(Stored data entries)
-------

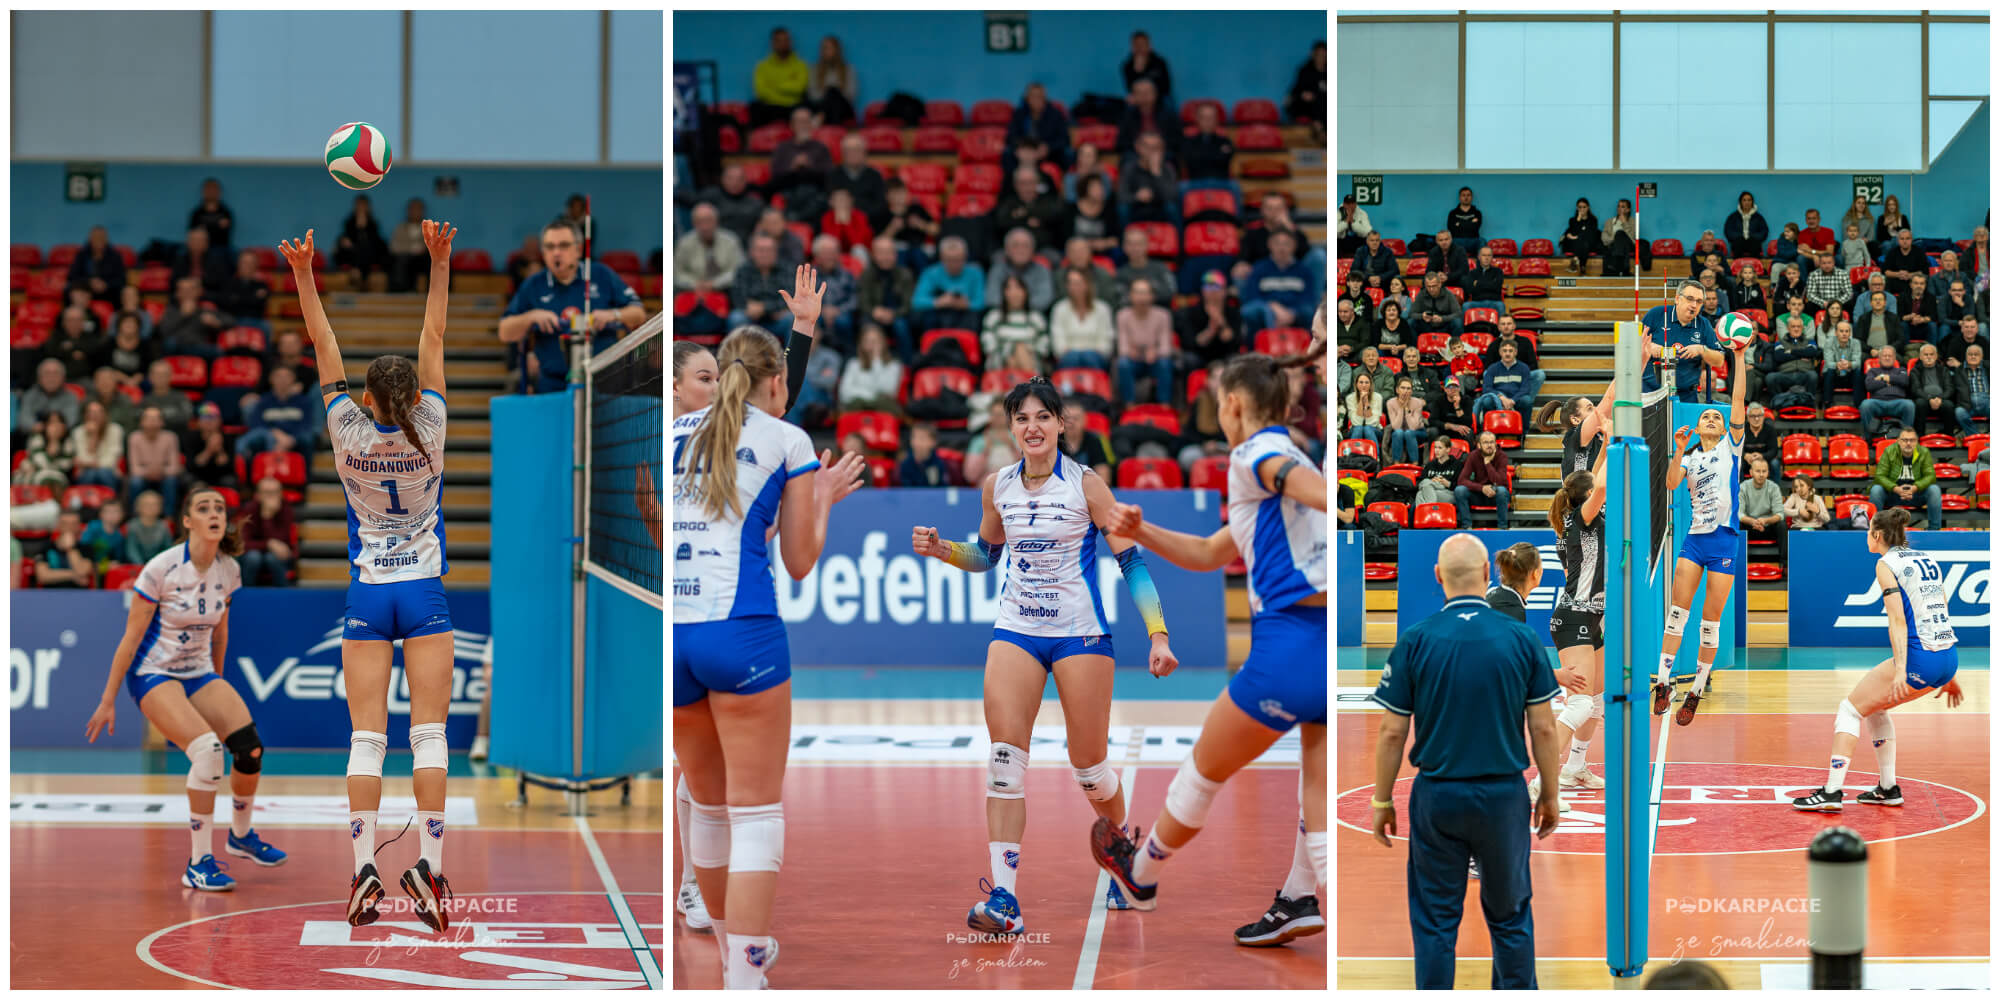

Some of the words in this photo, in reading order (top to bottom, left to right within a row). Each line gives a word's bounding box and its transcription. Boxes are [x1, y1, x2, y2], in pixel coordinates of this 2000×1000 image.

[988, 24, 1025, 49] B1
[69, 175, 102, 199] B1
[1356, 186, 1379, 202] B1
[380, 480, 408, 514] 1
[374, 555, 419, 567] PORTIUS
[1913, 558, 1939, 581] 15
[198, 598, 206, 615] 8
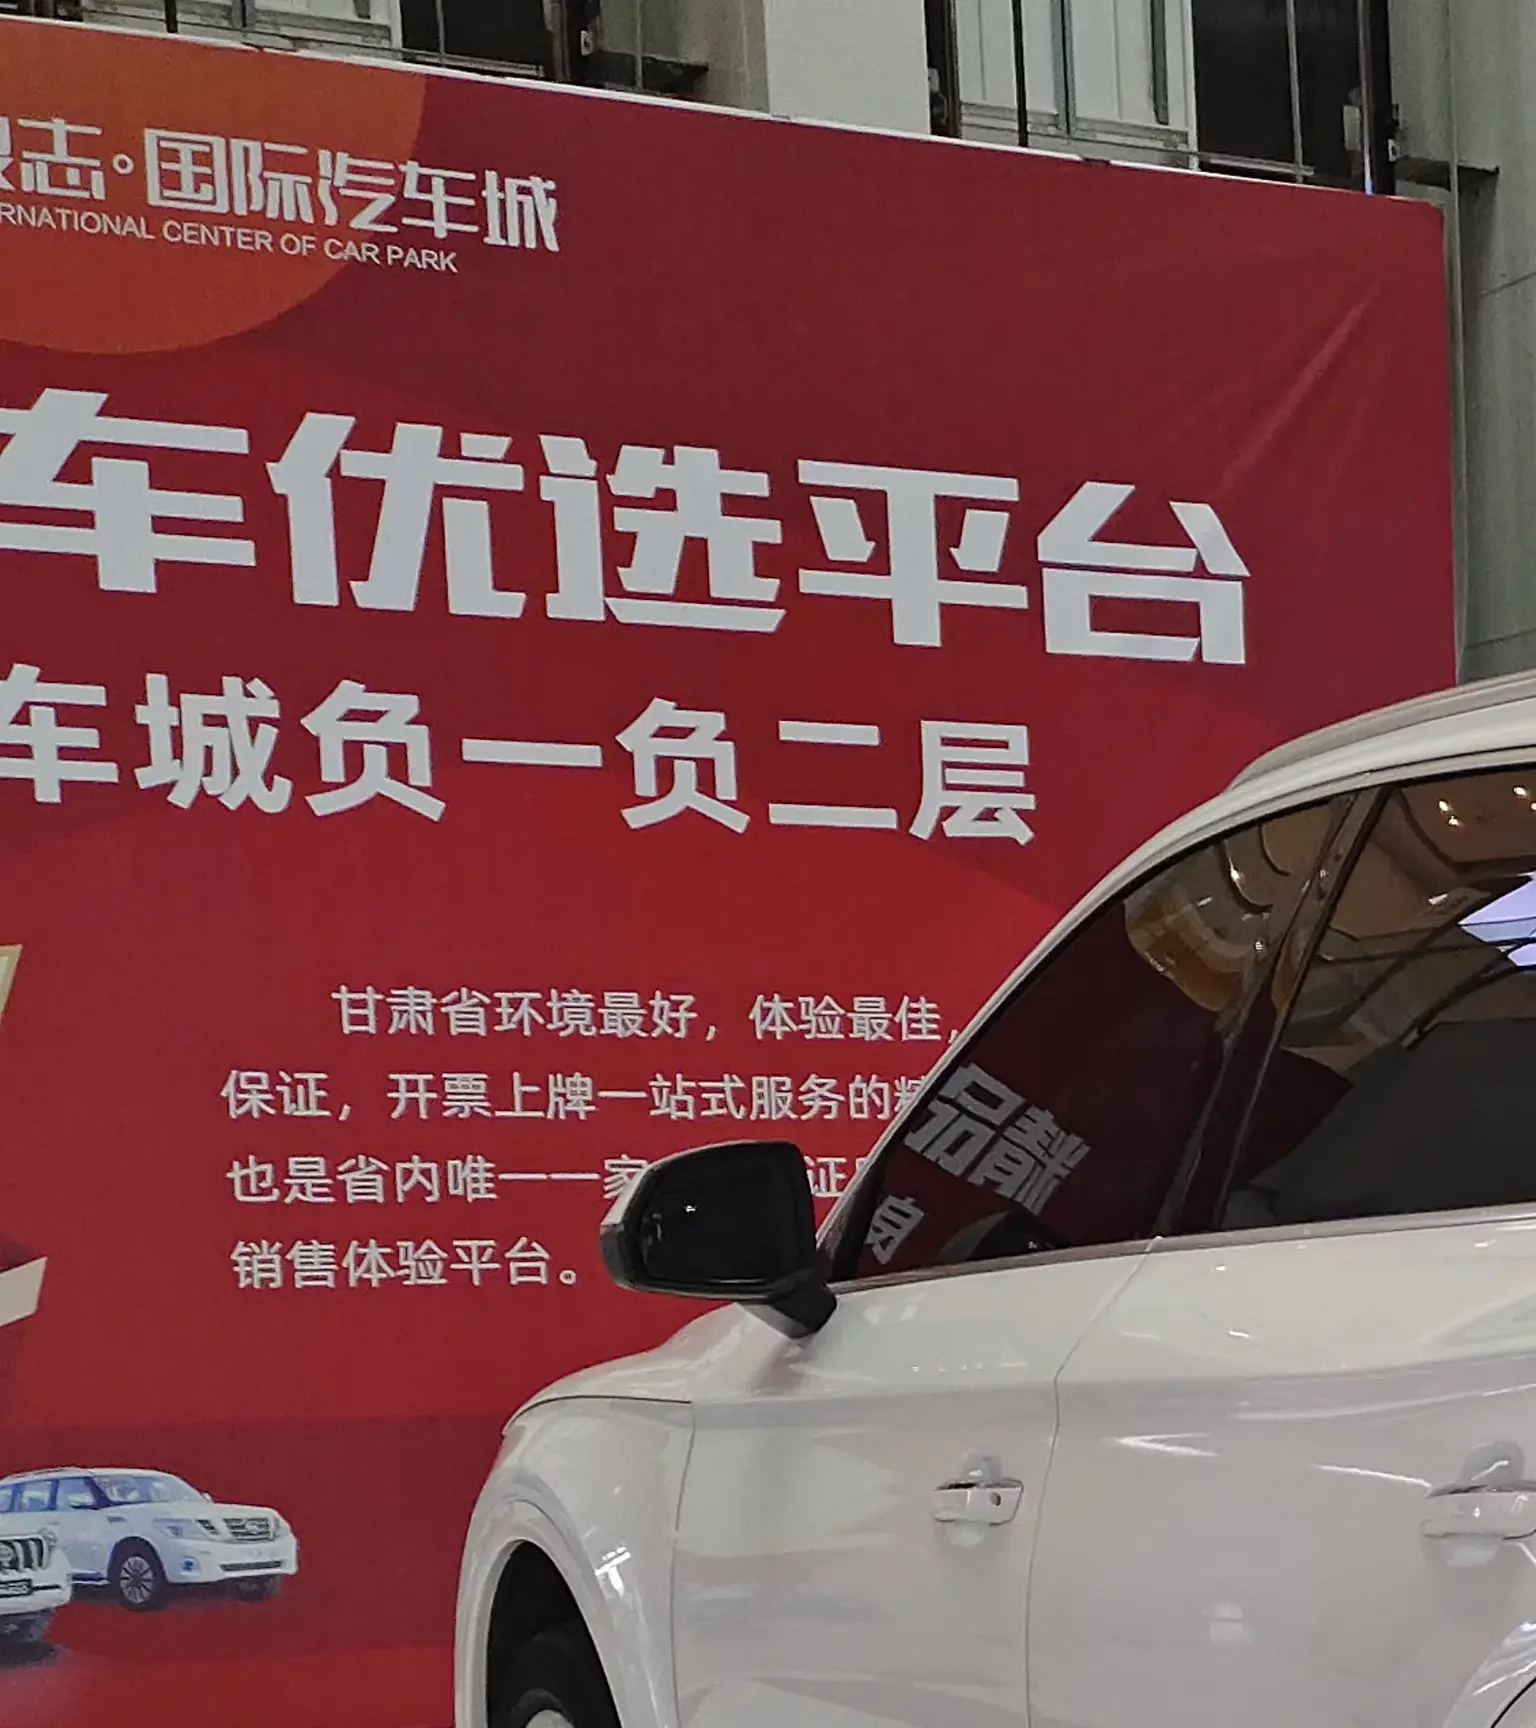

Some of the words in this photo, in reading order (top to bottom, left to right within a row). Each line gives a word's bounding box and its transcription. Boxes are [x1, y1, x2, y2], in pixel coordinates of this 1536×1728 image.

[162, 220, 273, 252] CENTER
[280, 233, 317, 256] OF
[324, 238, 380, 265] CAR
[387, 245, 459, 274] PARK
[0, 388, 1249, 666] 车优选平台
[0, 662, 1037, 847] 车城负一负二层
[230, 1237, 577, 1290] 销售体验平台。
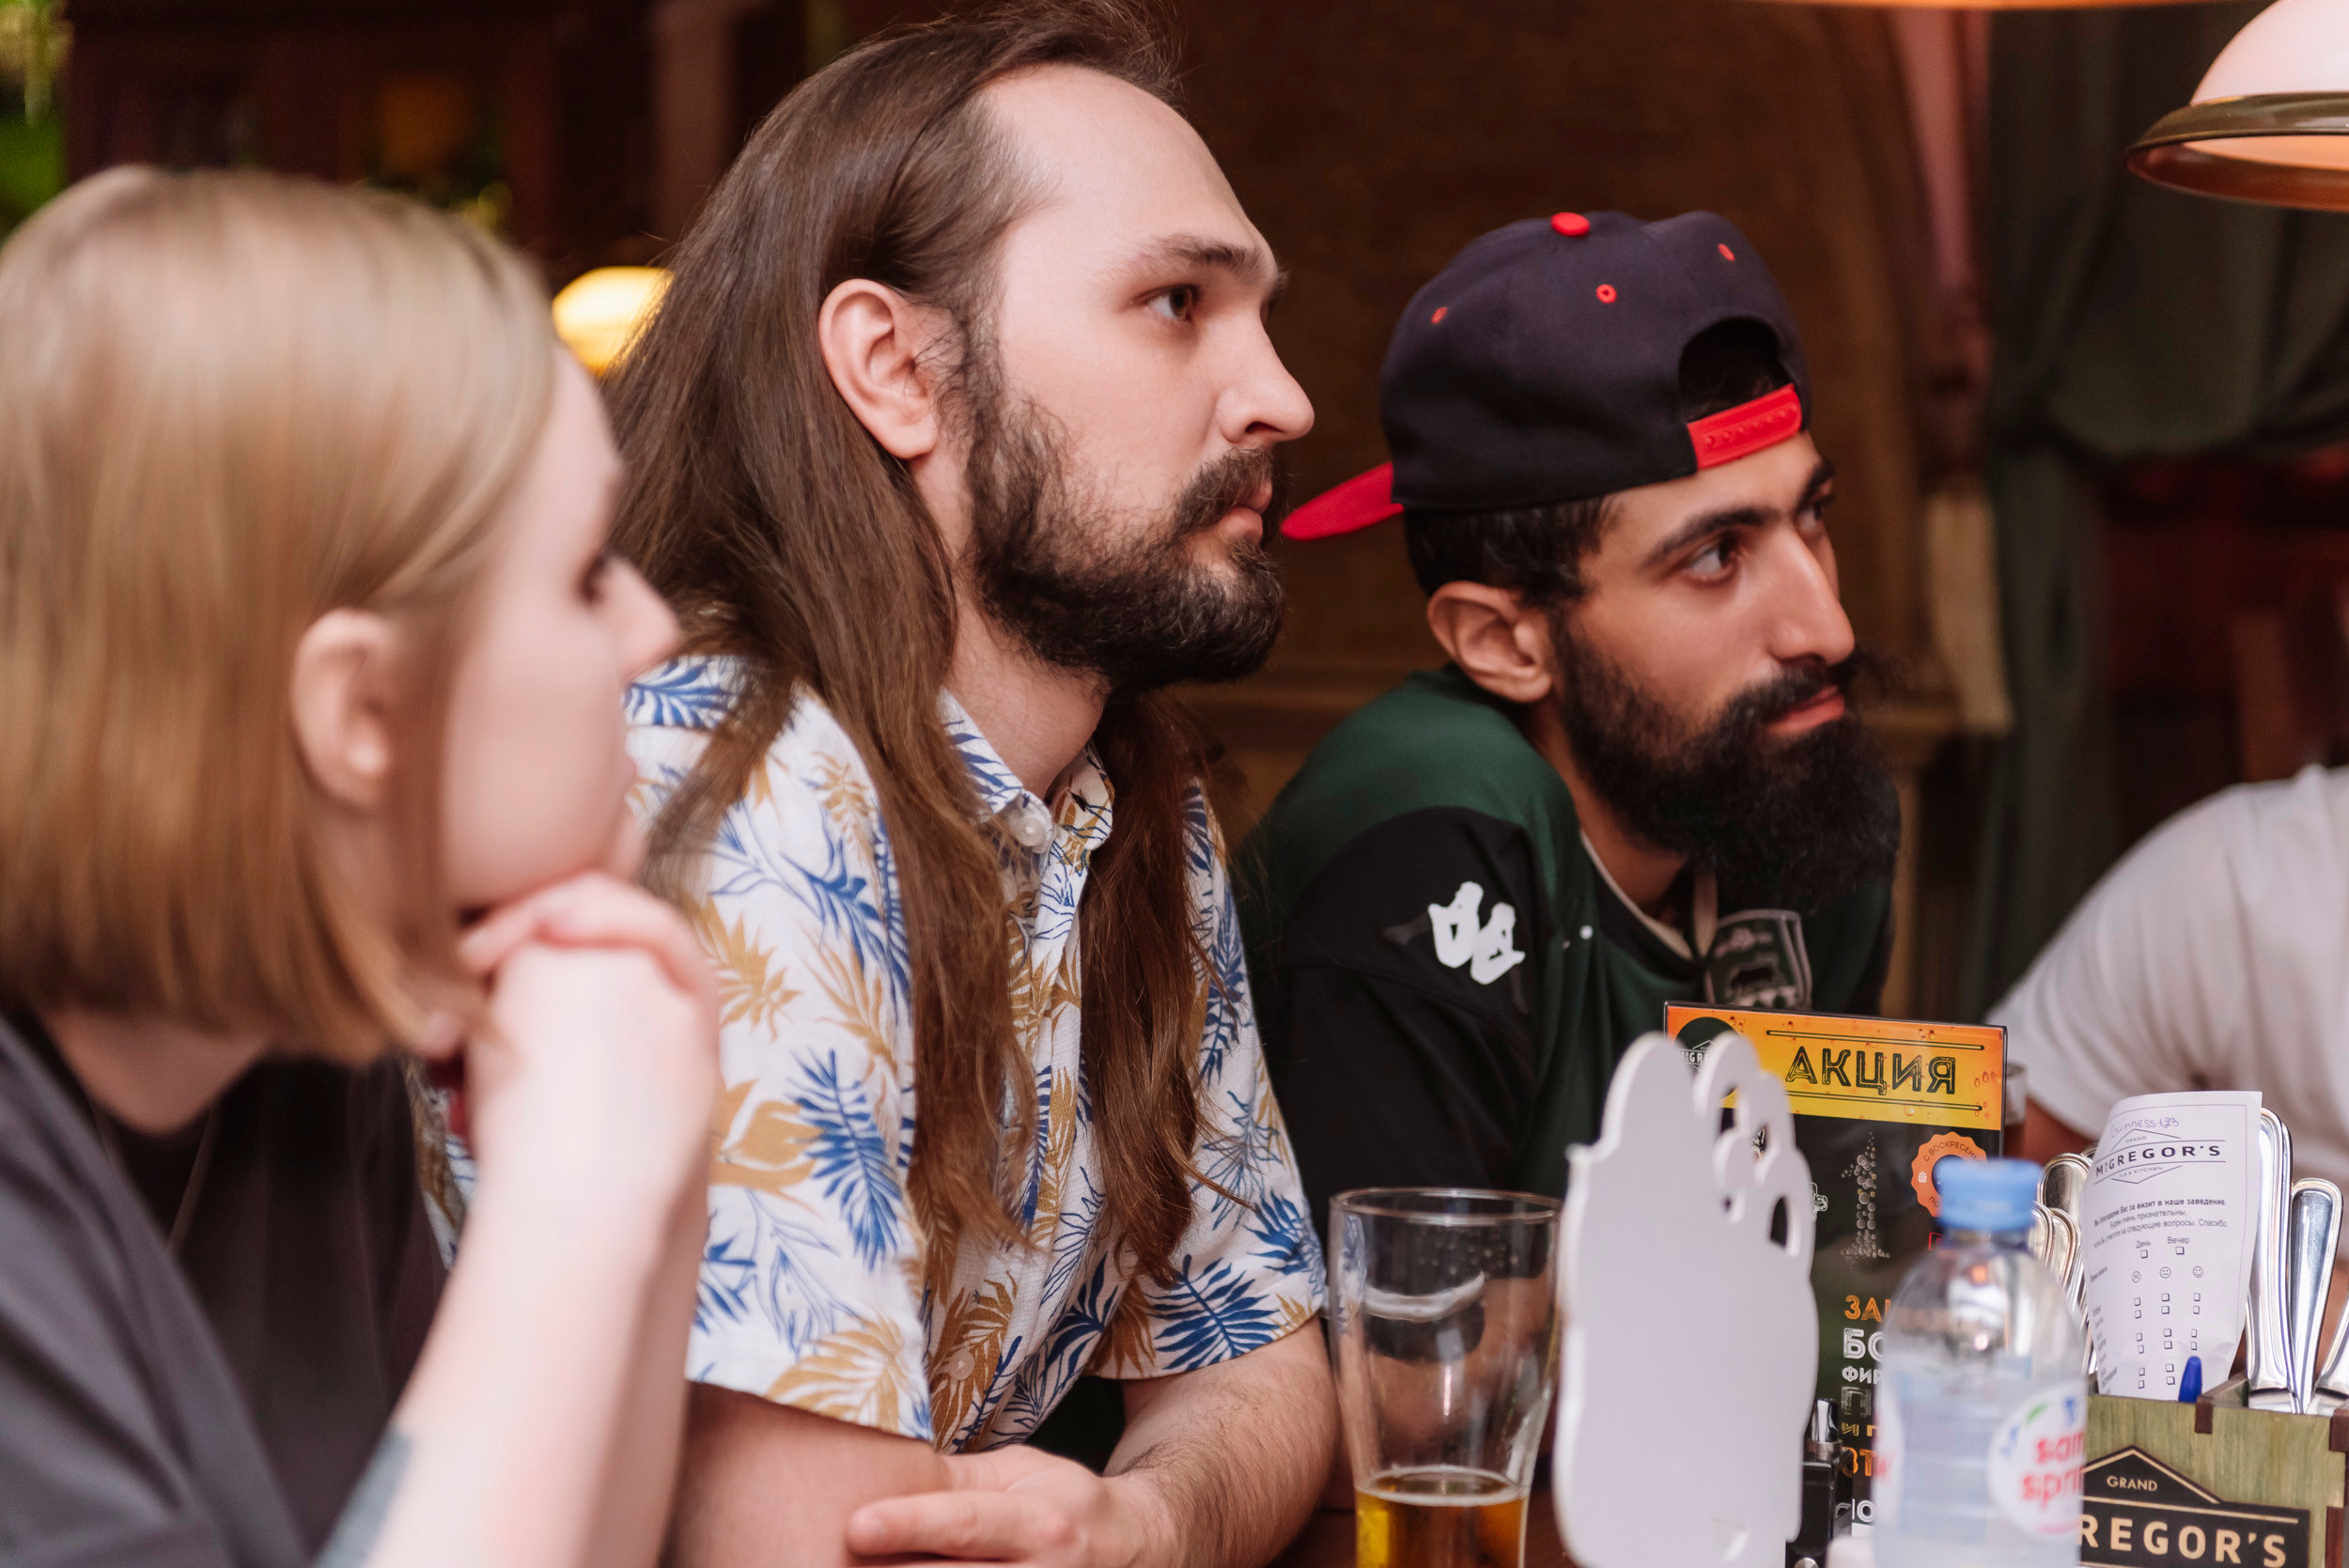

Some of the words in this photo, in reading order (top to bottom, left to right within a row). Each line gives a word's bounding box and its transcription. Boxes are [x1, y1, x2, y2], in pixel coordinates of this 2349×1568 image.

-------

**Required work**
Keep every word of the data as it is when you write it out, but drop the pictures.

**Result below**
Some of the words in this photo, in reading order (top to bottom, left to right within a row). Each line gives a word's bounding box and its transcription. Boxes are [x1, y1, x2, y2], in pixel coordinates of this 2000×1000 image.

[988, 24, 1025, 49] B1
[69, 175, 102, 199] B1
[1356, 186, 1379, 202] B1
[380, 480, 408, 514] 1
[374, 555, 419, 567] PORTIUS
[1913, 558, 1939, 581] 15
[198, 598, 206, 615] 8

Some of the words in this photo, in reading order (top to bottom, left to right within a row). Each line gives a word's bounding box and its transcription. Boxes are [x1, y1, x2, y2], in pixel coordinates of this 1536×1728 image.

[162, 220, 273, 252] CENTER
[280, 233, 317, 256] OF
[324, 238, 380, 265] CAR
[387, 245, 459, 274] PARK
[0, 388, 1249, 666] 车优选平台
[0, 662, 1037, 847] 车城负一负二层
[230, 1237, 577, 1290] 销售体验平台。

Some of the words in this photo, in reading order (top to bottom, left to right within a row). Each line gives a word's bounding box and its transcription. Boxes are [x1, y1, x2, y2], in pixel coordinates of this 2349×1568 image.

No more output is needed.